What you are asked to do
Restate the records below word for word.

Exercise input
• • • •
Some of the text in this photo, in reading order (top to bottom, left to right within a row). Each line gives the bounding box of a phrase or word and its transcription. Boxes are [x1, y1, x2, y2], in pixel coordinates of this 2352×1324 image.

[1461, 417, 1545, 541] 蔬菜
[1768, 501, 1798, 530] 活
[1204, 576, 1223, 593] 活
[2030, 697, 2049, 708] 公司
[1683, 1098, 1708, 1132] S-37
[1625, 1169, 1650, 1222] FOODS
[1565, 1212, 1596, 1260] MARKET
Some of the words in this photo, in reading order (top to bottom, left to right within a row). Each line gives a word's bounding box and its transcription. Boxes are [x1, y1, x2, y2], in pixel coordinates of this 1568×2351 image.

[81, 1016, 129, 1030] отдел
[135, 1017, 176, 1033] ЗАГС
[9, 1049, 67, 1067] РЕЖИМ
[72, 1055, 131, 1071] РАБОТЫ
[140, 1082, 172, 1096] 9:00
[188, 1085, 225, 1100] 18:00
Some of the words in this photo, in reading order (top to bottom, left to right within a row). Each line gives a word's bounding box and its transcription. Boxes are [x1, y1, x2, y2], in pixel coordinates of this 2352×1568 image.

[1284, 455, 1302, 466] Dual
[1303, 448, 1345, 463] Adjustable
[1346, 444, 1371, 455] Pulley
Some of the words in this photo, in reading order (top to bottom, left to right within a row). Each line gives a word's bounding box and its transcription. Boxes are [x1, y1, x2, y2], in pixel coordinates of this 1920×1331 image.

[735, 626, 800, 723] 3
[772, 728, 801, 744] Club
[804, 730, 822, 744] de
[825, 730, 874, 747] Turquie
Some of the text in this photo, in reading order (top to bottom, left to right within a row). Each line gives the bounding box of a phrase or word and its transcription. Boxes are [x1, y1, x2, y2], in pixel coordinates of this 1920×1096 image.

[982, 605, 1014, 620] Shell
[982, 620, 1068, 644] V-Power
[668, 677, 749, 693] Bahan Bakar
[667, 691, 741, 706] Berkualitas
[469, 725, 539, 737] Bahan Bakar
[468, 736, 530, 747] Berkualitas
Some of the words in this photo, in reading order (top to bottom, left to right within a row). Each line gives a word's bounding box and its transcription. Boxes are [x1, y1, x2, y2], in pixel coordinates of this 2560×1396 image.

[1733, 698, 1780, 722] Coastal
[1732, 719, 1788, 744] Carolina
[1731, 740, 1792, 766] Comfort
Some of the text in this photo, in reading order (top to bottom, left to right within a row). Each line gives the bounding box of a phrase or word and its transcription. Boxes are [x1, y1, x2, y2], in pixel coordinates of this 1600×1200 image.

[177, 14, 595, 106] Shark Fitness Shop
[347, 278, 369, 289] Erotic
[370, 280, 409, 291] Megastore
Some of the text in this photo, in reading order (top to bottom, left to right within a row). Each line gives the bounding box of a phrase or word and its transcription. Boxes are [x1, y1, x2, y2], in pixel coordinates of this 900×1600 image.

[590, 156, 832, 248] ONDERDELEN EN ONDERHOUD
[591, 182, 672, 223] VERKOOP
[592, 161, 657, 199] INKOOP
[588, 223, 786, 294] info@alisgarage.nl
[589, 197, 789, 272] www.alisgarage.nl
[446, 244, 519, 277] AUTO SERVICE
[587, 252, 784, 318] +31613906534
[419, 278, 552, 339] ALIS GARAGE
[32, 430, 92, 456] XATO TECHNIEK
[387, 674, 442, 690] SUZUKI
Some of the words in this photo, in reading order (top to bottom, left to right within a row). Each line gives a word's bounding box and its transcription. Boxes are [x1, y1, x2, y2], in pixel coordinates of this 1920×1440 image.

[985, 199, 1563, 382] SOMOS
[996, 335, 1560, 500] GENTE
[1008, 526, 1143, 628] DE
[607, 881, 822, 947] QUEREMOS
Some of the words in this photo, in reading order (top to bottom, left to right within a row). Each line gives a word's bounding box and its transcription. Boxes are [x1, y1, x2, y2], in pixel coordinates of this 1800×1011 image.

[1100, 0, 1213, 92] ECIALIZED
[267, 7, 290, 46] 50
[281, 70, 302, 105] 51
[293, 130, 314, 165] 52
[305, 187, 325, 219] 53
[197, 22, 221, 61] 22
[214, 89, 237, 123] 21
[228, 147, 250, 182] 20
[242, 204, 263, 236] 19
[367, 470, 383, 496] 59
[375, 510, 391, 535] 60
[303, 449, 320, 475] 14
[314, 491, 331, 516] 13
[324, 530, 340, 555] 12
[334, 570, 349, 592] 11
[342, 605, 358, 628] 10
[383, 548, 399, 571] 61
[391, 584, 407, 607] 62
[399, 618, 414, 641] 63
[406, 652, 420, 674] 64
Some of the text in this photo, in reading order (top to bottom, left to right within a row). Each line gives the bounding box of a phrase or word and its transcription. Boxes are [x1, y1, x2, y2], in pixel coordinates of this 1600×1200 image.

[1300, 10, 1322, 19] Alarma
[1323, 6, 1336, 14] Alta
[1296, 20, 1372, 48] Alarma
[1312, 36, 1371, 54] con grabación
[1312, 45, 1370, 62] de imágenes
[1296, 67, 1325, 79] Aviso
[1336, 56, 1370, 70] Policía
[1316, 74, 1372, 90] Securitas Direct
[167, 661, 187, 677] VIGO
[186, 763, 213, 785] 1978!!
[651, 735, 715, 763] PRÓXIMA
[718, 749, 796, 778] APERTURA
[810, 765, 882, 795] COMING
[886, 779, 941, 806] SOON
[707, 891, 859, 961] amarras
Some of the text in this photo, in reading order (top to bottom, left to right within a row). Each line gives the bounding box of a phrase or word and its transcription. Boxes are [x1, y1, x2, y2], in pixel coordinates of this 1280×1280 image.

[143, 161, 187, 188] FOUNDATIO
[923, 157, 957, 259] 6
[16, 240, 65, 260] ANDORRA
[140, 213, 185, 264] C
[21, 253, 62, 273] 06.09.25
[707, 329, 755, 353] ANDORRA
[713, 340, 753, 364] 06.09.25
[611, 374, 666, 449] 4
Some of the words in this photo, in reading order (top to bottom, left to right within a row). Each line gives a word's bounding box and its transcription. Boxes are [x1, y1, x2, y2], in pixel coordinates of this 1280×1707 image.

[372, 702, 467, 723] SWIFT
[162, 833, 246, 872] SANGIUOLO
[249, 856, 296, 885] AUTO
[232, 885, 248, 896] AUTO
• • • •
Completed exercise
Some of the text in this photo, in reading order (top to bottom, left to right within a row). Each line gives the bounding box of a phrase or word and its transcription. Boxes are [x1, y1, x2, y2], in pixel coordinates of this 2352×1324 image.

[1461, 417, 1545, 541] 蔬菜
[1768, 501, 1798, 530] 活
[1204, 576, 1223, 593] 活
[2030, 697, 2049, 708] 公司
[1683, 1098, 1708, 1132] S-37
[1625, 1169, 1650, 1222] FOODS
[1565, 1212, 1596, 1260] MARKET
Some of the words in this photo, in reading order (top to bottom, left to right within a row). Each line gives a word's bounding box and its transcription. Boxes are [x1, y1, x2, y2], in pixel coordinates of this 1568×2351 image.

[81, 1016, 129, 1030] отдел
[135, 1017, 176, 1033] ЗАГС
[9, 1049, 67, 1067] РЕЖИМ
[72, 1055, 131, 1071] РАБОТЫ
[140, 1082, 172, 1096] 9:00
[188, 1085, 225, 1100] 18:00
Some of the words in this photo, in reading order (top to bottom, left to right within a row). Each line gives a word's bounding box and its transcription. Boxes are [x1, y1, x2, y2], in pixel coordinates of this 2352×1568 image.

[1284, 455, 1302, 466] Dual
[1303, 448, 1345, 463] Adjustable
[1346, 444, 1371, 455] Pulley
Some of the words in this photo, in reading order (top to bottom, left to right within a row). Each line gives a word's bounding box and its transcription. Boxes are [x1, y1, x2, y2], in pixel coordinates of this 1920×1331 image.

[735, 626, 800, 723] 3
[772, 728, 801, 744] Club
[804, 730, 822, 744] de
[825, 730, 874, 747] Turquie
Some of the text in this photo, in reading order (top to bottom, left to right within a row). Each line gives the bounding box of a phrase or word and its transcription. Boxes are [x1, y1, x2, y2], in pixel coordinates of this 1920×1096 image.

[982, 605, 1014, 620] Shell
[982, 620, 1068, 644] V-Power
[668, 677, 749, 693] Bahan Bakar
[667, 691, 741, 706] Berkualitas
[469, 725, 539, 737] Bahan Bakar
[468, 736, 530, 747] Berkualitas
Some of the words in this photo, in reading order (top to bottom, left to right within a row). Each line gives a word's bounding box and its transcription. Boxes are [x1, y1, x2, y2], in pixel coordinates of this 2560×1396 image.

[1733, 698, 1780, 722] Coastal
[1732, 719, 1788, 744] Carolina
[1731, 740, 1792, 766] Comfort
Some of the text in this photo, in reading order (top to bottom, left to right within a row). Each line gives the bounding box of a phrase or word and its transcription. Boxes are [x1, y1, x2, y2], in pixel coordinates of this 1600×1200 image.

[177, 14, 595, 106] Shark Fitness Shop
[347, 278, 369, 289] Erotic
[370, 280, 409, 291] Megastore
Some of the text in this photo, in reading order (top to bottom, left to right within a row). Each line gives the bounding box of a phrase or word and its transcription. Boxes are [x1, y1, x2, y2], in pixel coordinates of this 900×1600 image.

[590, 156, 832, 248] ONDERDELEN EN ONDERHOUD
[591, 182, 672, 223] VERKOOP
[592, 161, 657, 199] INKOOP
[588, 223, 786, 294] info@alisgarage.nl
[589, 197, 789, 272] www.alisgarage.nl
[446, 244, 519, 277] AUTO SERVICE
[587, 252, 784, 318] +31613906534
[419, 278, 552, 339] ALIS GARAGE
[32, 430, 92, 456] XATO TECHNIEK
[387, 674, 442, 690] SUZUKI
Some of the words in this photo, in reading order (top to bottom, left to right within a row). Each line gives a word's bounding box and its transcription. Boxes are [x1, y1, x2, y2], in pixel coordinates of this 1920×1440 image.

[985, 199, 1563, 382] SOMOS
[996, 335, 1560, 500] GENTE
[1008, 526, 1143, 628] DE
[607, 881, 822, 947] QUEREMOS
Some of the words in this photo, in reading order (top to bottom, left to right within a row). Each line gives a word's bounding box and its transcription. Boxes are [x1, y1, x2, y2], in pixel coordinates of this 1800×1011 image.

[1100, 0, 1213, 92] ECIALIZED
[267, 7, 290, 46] 50
[281, 70, 302, 105] 51
[293, 130, 314, 165] 52
[305, 187, 325, 219] 53
[197, 22, 221, 61] 22
[214, 89, 237, 123] 21
[228, 147, 250, 182] 20
[242, 204, 263, 236] 19
[367, 470, 383, 496] 59
[375, 510, 391, 535] 60
[303, 449, 320, 475] 14
[314, 491, 331, 516] 13
[324, 530, 340, 555] 12
[334, 570, 349, 592] 11
[342, 605, 358, 628] 10
[383, 548, 399, 571] 61
[391, 584, 407, 607] 62
[399, 618, 414, 641] 63
[406, 652, 420, 674] 64
Some of the text in this photo, in reading order (top to bottom, left to right within a row). Each line gives the bounding box of a phrase or word and its transcription. Boxes are [x1, y1, x2, y2], in pixel coordinates of this 1600×1200 image.

[1300, 10, 1322, 19] Alarma
[1323, 6, 1336, 14] Alta
[1296, 20, 1372, 48] Alarma
[1312, 36, 1371, 54] con grabación
[1312, 45, 1370, 62] de imágenes
[1296, 67, 1325, 79] Aviso
[1336, 56, 1370, 70] Policía
[1316, 74, 1372, 90] Securitas Direct
[167, 661, 187, 677] VIGO
[186, 763, 213, 785] 1978!!
[651, 735, 715, 763] PRÓXIMA
[718, 749, 796, 778] APERTURA
[810, 765, 882, 795] COMING
[886, 779, 941, 806] SOON
[707, 891, 859, 961] amarras
Some of the text in this photo, in reading order (top to bottom, left to right within a row). Each line gives the bounding box of a phrase or word and its transcription. Boxes are [x1, y1, x2, y2], in pixel coordinates of this 1280×1280 image.

[143, 161, 187, 188] FOUNDATIO
[923, 157, 957, 259] 6
[16, 240, 65, 260] ANDORRA
[140, 213, 185, 264] C
[21, 253, 62, 273] 06.09.25
[707, 329, 755, 353] ANDORRA
[713, 340, 753, 364] 06.09.25
[611, 374, 666, 449] 4
Some of the words in this photo, in reading order (top to bottom, left to right within a row). Each line gives a word's bounding box and its transcription. Boxes are [x1, y1, x2, y2], in pixel coordinates of this 1280×1707 image.

[372, 702, 467, 723] SWIFT
[162, 833, 246, 872] SANGIUOLO
[249, 856, 296, 885] AUTO
[232, 885, 248, 896] AUTO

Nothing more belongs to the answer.